Scientists have pinpointed a whole new species of the largest bony fish in the world, the massive sunfish, as we learned from Smithsonian magazine. It's the first new species of sunfish proposed in more than 125 years.

As the researchers report in the Zoological Journal of the Linnean Society, the genetic differences between the newly named hoodwinker sunfish (Mola tecta) and its other sunfish brethren was confirmed by data on 27 different samples of the species collected over the course of three years. Since sunfish are so massive—the biggest can weigh as much as 5000 pounds—they pose a challenge to preserve and store, even for museums with large research collections. Lead author Marianne Nyegaard of Murdoch University in Australia traveled thousands of miles to find and collected genetic data on sunfish stranded on beaches. At one point, she was asked if she would be bringing her own crane to collect one.

Nyegaard also went back through scientific literature dating back to the 1500s, sorting through descriptions of sea monsters and mermen to see if any of the documentation sounded like observations of the hoodwinker. "We retraced the steps of early naturalists and taxonomists to understand how such a large fish could have evaded discovery all this time," she said in a press statement. "Overall, we felt science had been repeatedly tricked by this cheeky species, which is why we named it the 'hoodwinker.'"

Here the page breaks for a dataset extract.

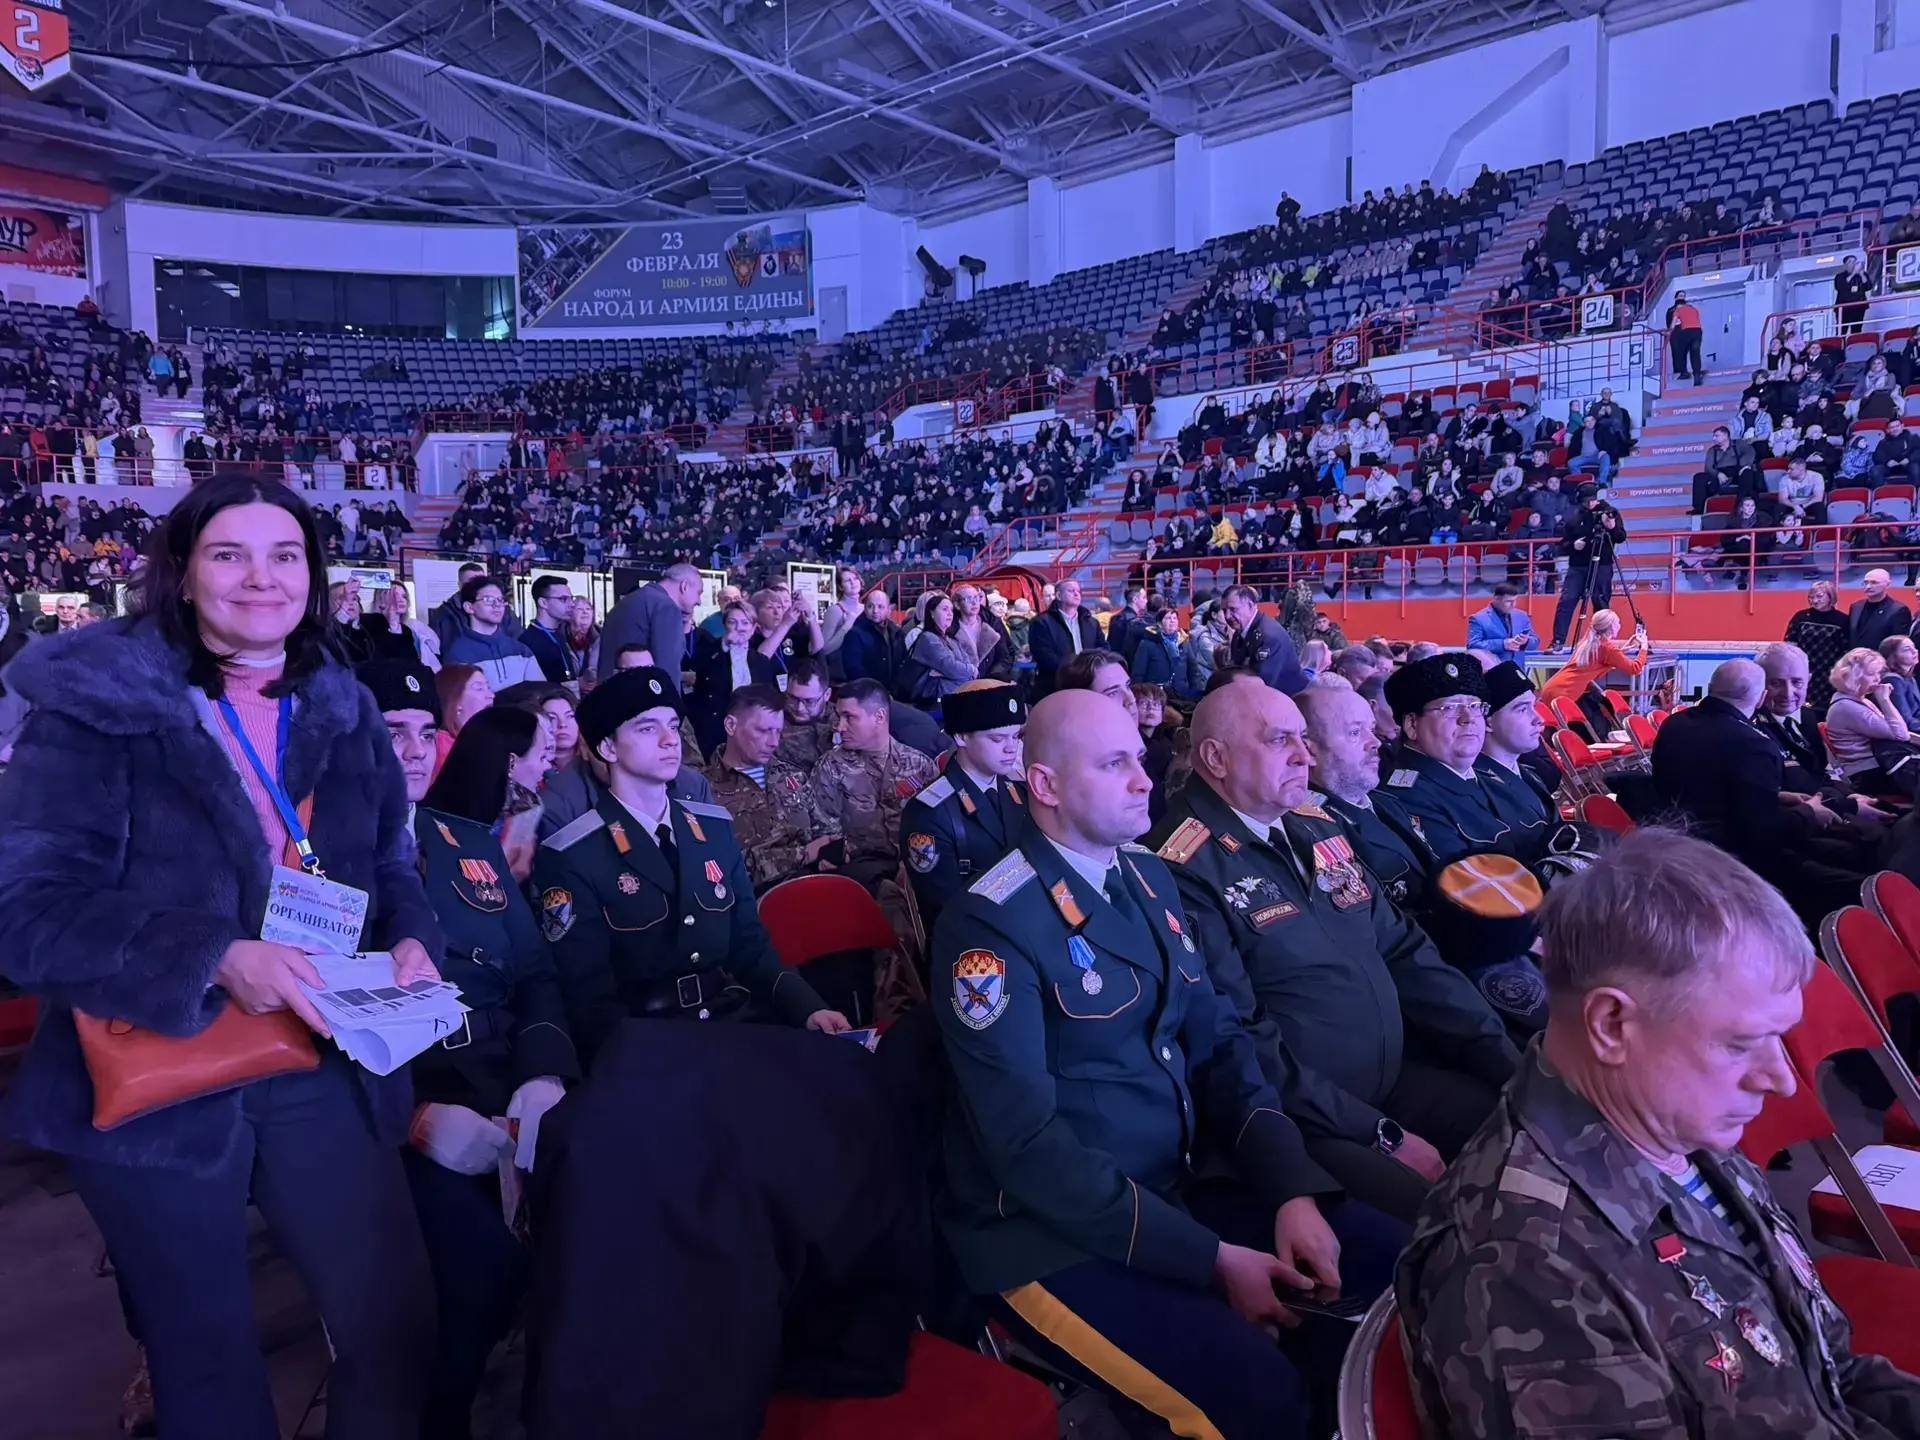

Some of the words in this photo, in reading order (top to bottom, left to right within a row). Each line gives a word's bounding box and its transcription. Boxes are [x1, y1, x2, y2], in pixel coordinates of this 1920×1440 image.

Japanese researchers first detected genetic differences between previously known sunfish and a new, unknown species 10 years ago, and this confirms the existence of a whole different type from species like the Mola mola or Mola ramsayi.

Mola tecta looks a little different from other sunfish, with a more slender body. As it grows, it doesn't develop the protruding snout or bumps that other sunfish exhibit. Similarly to the others, though, it can reach a length of 8 feet or more.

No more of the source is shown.